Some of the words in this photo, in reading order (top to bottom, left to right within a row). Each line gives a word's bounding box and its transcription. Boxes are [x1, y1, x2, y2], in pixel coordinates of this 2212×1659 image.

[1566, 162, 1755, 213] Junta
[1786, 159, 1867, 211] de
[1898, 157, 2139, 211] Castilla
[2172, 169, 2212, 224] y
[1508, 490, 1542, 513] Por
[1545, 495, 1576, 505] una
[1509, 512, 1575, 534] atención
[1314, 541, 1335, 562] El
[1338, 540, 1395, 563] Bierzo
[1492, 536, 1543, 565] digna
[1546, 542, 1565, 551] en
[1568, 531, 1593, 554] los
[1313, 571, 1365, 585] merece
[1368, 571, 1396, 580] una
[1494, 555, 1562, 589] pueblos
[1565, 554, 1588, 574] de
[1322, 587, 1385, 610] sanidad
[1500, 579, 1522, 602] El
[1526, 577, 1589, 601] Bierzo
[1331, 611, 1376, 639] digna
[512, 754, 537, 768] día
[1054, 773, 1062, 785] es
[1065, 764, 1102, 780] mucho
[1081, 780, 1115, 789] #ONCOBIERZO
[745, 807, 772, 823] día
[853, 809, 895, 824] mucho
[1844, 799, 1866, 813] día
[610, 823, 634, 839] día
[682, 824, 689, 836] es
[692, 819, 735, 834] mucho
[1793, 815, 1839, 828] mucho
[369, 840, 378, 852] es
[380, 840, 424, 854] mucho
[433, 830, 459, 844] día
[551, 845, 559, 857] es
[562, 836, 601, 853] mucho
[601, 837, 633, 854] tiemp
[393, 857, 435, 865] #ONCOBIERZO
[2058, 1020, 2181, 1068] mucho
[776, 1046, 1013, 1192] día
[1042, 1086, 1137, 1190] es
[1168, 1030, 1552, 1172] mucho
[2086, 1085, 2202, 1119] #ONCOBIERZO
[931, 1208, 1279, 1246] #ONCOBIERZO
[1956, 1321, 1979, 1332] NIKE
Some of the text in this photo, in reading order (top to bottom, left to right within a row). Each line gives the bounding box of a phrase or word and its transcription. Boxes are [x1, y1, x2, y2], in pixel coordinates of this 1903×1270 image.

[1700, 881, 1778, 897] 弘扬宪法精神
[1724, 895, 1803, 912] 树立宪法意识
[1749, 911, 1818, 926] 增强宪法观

Exercise objective: All lines from the one that holds "Some of the text" through the end of the records are to be returned exactly, including both boundary lines, and no others.

Output of the task:
Some of the text in this photo, in reading order (top to bottom, left to right within a row). Each line gives the bounding box of a phrase or word and its transcription. Boxes are [x1, y1, x2, y2], in pixel coordinates of this 1903×1270 image.

[1700, 881, 1778, 897] 弘扬宪法精神
[1724, 895, 1803, 912] 树立宪法意识
[1749, 911, 1818, 926] 增强宪法观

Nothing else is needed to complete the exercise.